05 Apr 2014
For the first time in more than 30 years, NASA is allowing Kennedy Space Center Visitor Complex guests inside the Launch Control Center (LCC) – where NASA directors and engineers supervised all of the 152 launches for the space shuttle and Apollo programs
The KSC Up-Close Launch Control Center Tour takes visitors inside Firing Room 4, one of the LCC's four firing rooms and the one from which all 21 space shuttle launches since 2006 were controlled.
Inside Firing Room 4, visitors will pass by the computer consoles where engineers monitored the computerized launch control system's thousands of system checks every minute leading up to launch. They'll see the main launch countdown clock, many large video monitors on the walls, and enter the “bubble room,” with its wall of interior windows through which the Kennedy Space Center management team viewed all of the proceedings below.
“Go” or “No Go”
The most important person in Firing Room 4 was the launch director, who oversaw the entire process and made the final call on whether a launch was a “Go” or “No Go.”
“With so much on the line, the people who worked in this room were under tremendous pressure not only in daily operations, but particularly as the countdown proceeded,” said Bob Sieck, former launch director, Kennedy Space Center. “They had to handle the tension and their emotions as the tests became faster, the astronauts took their place in the shuttle and thousands of people and news media were gathered outside to watch the launch.”
A Rare Opportunity
As with the VAB, visitors have not had access to the LCC since the 1970s, during the period after the Apollo and Skylab programs ended, and before the first space shuttle launch in 1981.
“This is another very rare opportunity that NASA has worked with us to provide – access to the Launch Control Center,” said Therrin Protze, chief operating officer of Kennedy Space Center Visitor Complex. “It might be another 30 years before guests will receive a behind-the-scenes opportunity like this again.”
The LCC will continue to operate in guiding the next generation of rocket launches from Kennedy Space Center for NASA and potentially for commercial space programs. Future launches of SpaceX, whose recent launch from nearby Cape Canaveral Air Force Station resulted in the first mission by a commercial company to travel to and dock with the International Space Station, could take place from Kennedy Space Center beginning in 2013.
The LCC Tour is led by a trained space expert, giving visitors an insider's view of the space program from launch preparation to liftoff. The tour also includes drive-by views of Launch Pad 39 and culminates at the Apollo/Saturn V Center, where visitors can resume the regular tour. Price is $25 for adults and $19 for children ages 3-11 plus tax, in addition to admission.
The tour showcases the LCC's lobby, which features 153 wall plaques – one for every mission guided there since the first unmanned Apollo 4 in 1967. Included are the manned Apollo moon missions, the Apollo-Soyuz Test Project in 1975, the Saturn V launches for Skylab in the mid-1970s, Ares 1 flight test and the launches for the 30-year Space Shuttle Program.
The LCC is also listed on the U.S. National Register of Historic Places and won an architectural award for industrial design from the American Institute of Architecture in 1965. The lead architect, Martin Stein, said the building's prominent windows overlooking the launch pads of Launch Complex 39, where all of the shuttles and Saturn V rockets were launched, made a statement as windows “through which you could see mankind's future.”

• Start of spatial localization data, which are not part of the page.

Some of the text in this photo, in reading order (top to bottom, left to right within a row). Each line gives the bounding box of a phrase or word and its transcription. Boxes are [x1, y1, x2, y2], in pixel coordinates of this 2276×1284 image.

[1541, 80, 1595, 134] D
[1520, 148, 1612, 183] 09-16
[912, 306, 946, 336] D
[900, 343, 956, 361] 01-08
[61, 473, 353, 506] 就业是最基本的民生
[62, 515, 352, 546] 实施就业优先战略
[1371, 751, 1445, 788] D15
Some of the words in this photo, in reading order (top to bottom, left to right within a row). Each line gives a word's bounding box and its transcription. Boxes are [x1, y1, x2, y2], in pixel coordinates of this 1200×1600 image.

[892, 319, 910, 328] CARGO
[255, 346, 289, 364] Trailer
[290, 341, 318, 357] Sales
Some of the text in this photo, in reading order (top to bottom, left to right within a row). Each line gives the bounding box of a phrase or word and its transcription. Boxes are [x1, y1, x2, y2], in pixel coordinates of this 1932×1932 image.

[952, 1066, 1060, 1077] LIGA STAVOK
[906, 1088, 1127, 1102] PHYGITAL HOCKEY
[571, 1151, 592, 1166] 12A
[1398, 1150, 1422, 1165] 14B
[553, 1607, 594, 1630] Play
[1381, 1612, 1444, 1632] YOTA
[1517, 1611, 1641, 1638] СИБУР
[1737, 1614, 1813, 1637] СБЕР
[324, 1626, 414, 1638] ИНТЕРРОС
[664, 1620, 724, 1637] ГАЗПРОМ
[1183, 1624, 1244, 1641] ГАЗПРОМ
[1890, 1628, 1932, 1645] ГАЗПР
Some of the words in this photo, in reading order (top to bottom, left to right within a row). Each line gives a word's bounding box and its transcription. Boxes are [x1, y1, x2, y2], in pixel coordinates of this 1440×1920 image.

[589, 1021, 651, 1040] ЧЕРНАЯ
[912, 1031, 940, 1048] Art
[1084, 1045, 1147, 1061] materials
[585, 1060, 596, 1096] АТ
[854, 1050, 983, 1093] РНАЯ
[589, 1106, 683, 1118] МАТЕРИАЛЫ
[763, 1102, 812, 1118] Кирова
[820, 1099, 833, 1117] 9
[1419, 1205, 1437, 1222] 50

About Kennedy Space Center Visitor Complex
Kennedy Space Center Visitor Complex brings to life the epic story of the U.S. space program, offering a full day or more of fun and educational activities, including the Kennedy Space Center Tour featuring the Saturn V Center with an actual Saturn V moon rocket, Angry Birds™ Space Encounter, Shuttle Launch Experience, 3D IMAX® space films, Astronaut Encounter,Exploration Space: Explorers Wanted and many other interactive exhibits. The new $100 million home for Space Shuttle AtlantisSM opened June 29, 2013. Admission also includes the U.S. Astronaut Hall of Fame®, featuring historic spacecraft and the world's largest collection of personal astronaut memorabilia, which opens daily at noon and closing times vary by season. Only 45 minutes from Orlando, Fla., Kennedy Space Center Visitor Complex opens daily at 9 a.m. with closing times varying by season. Admission is $50 + tax for adults and $40 + tax for children ages 3-11. The Kennedy Space Center Visitor Complex offers annual passes starting at $75 + tax for adults and $60 + tax forchildren ages 3-11. For more information, call 877-313-2610 or visit www.KennedySpaceCenter.com.
Editors Note: There were 152 Apollo/Saturn rocket launches and space shuttle launches
from the Launch Control Center. A total of 153 wall plaques are mounted in the lobby
of the center, including the Ares 1 test flight.